Phase one’s ‘captive’ line frees companies to do more with rolling stock and the infrastructure on which it runs, explains Alstom HS2 director Henrik Anderberg.
The UK is experiencing a new golden age of rail construction.
Major projects such as Crossrail and High Speed 2 represent some of the world’s largest infrastructure initiatives. But ambitious projects bring big challenges, not just for rolling stock providers like Alstom but for the construction industry as a whole.
Much of the challenge lies in the UK’s Victorian rail infrastructure, upon which these projects rely. Despite our proud history in rail, the make-up of our railways is far from accommodating to high-speed trains – the Eurostar trains on HS1 are the only true ones we have so far.
Huge step up for travellers
That’s why HS2 presents a major opportunity for the UK. Passengers will benefit from improvements in speed and capacity as they experience a step-change in rail travel like never before.
Equally, operators, train manufacturers and contractors have the chance to work together in a bid to overcome some of the hurdles that a 200-year-old railway presents.
Between Euston and Birmingham, HS2’s new line will be solely for use by high-speed trains, rather than being shared with other existing services. This ‘captive’ line means that historic bridges and long tunnels will no longer pose a limit on innovation in train design.
At Alstom we hope to take full advantage of this as we look to HS2’s rolling stock contract. One possibility this freedom to innovate provides is the roll-out of double-deck trains to the UK.
High-speed, double-deck trains from the Avelia range benefit from the experience of France’s TGVs, which in 2007 set the record for the fastest-wheeled train, reaching 357 mph. The capacity boost offered by double-deckers would give HS2 the option to carry more passengers per train while simultaneously providing travellers with more room at their seats.
North from Birmingham during phase one, the infrastructure limits the choice to single-deck trains. For this, we could use AGV models from the Avelia range, or tilting technology that reduces journey time by allowing trains to travel 30 per cent faster on tight corners.
But HS2 represents so much more than just trains. The new line will have huge implications for contractors of all shapes and sizes, as train companies like Alstom look to partner with firms that will help them develop the trains required to make HS2 a reality.
Our new technology centre and training facility in Widnes, due to open in 2017, represents just one example of an upcoming opportunity to collaborate with contractors – from the construction of the site itself to working there to deliver projects once it’s up and running.
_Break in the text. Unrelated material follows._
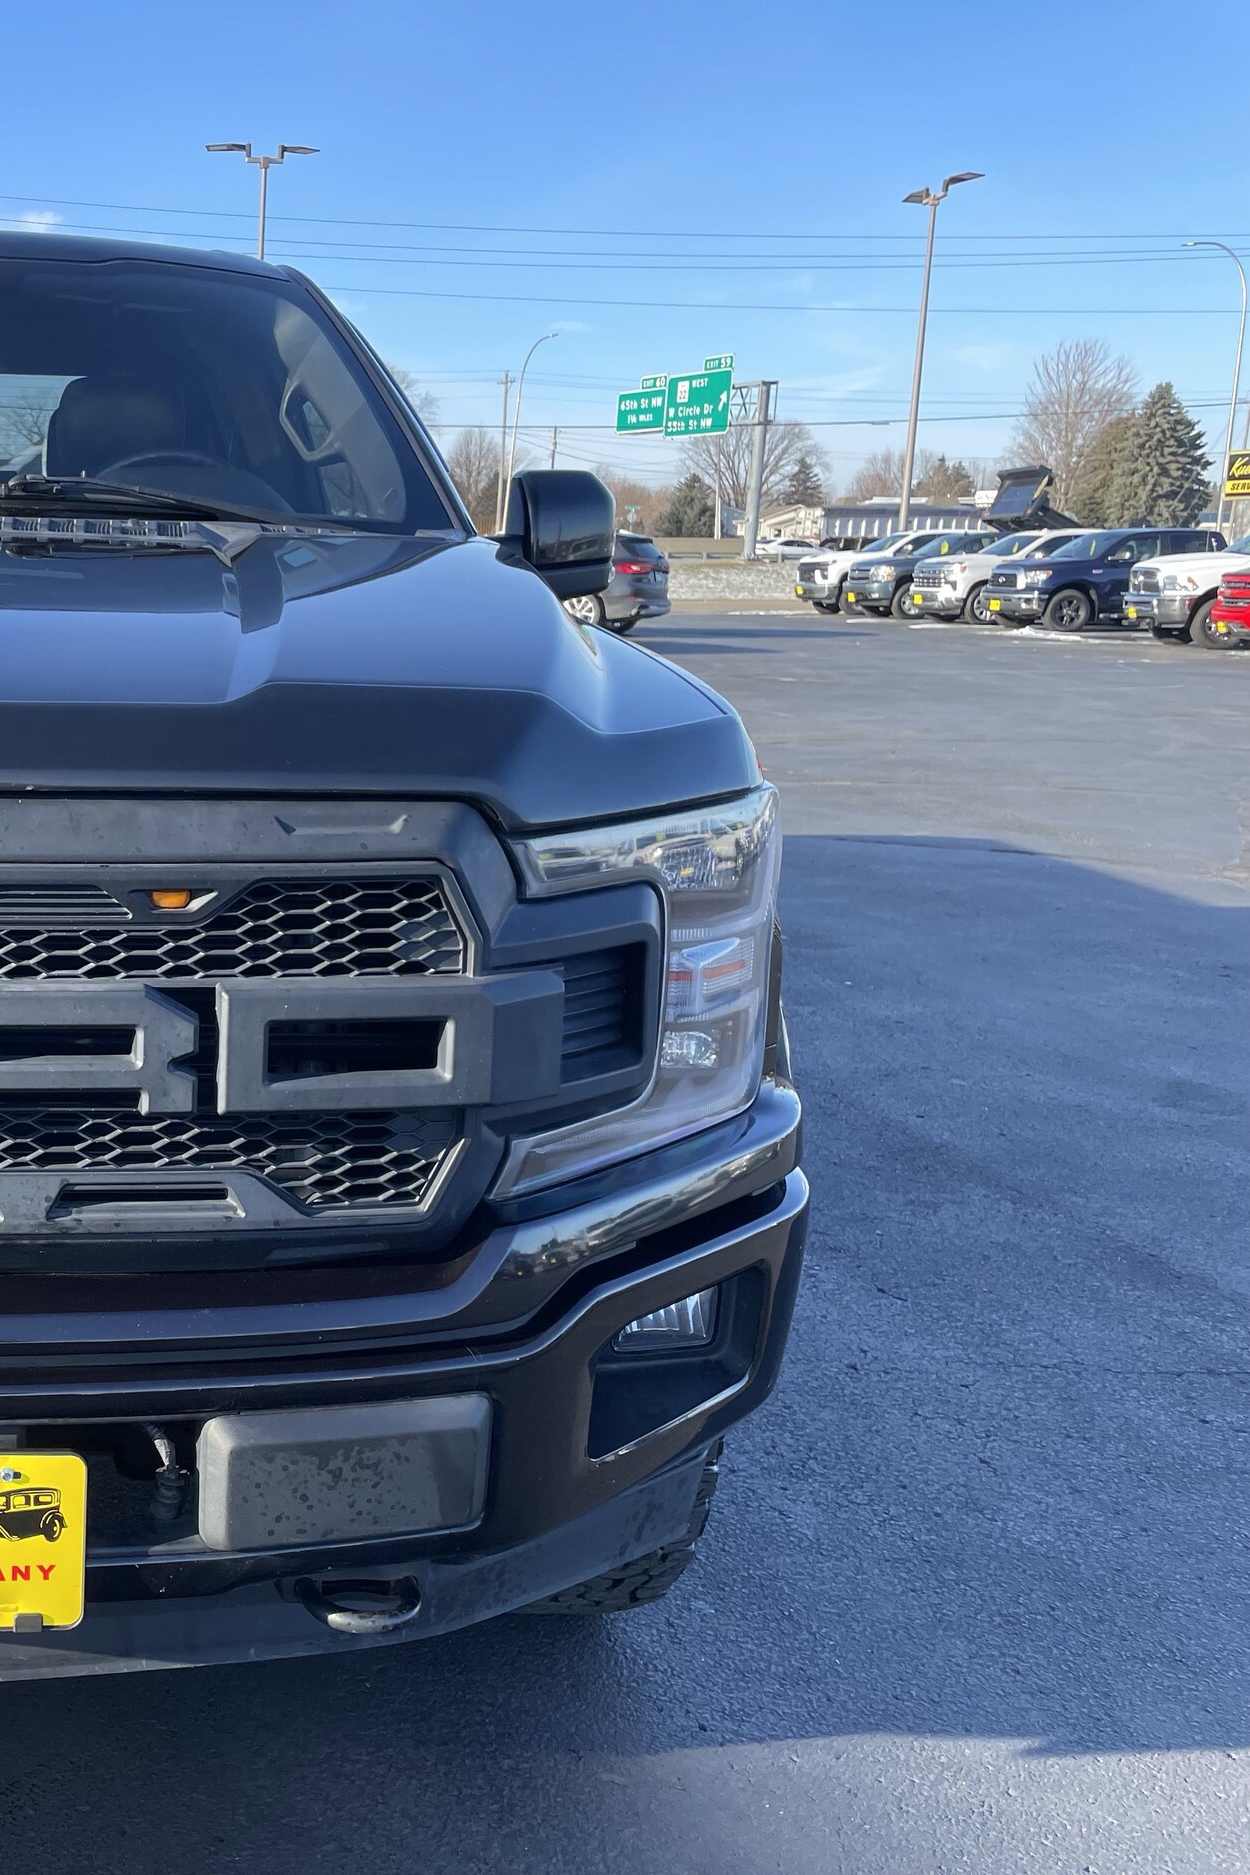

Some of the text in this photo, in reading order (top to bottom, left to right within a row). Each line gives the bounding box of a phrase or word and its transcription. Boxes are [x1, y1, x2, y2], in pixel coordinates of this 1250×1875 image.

We are already seeing increasing signs of this type of collaboration with contractors when it comes to upgrading existing lines. Signalling and electrification are pivotal to ensuring railway infrastructure is fit for high-speed rail.
At present, electrification and smart technology represent a large and costly challenge for rail innovation in the UK. The same will be true for Britain’s aspirations for high-speed rail in general. More and more rolling stock companies will be looking to contractors to help them provide the latest in fast and comfortable travel.
HS2 is a once-in-a-generation opportunity to successfully introduce some of the latest innovations being developed in the rail sector.
The full-scale co-ordination of the entire rail sector, as well as its conjoining parts, will help to develop and deliver some of the most state-of-the-art designs in a bid to bring high-speed rail to all.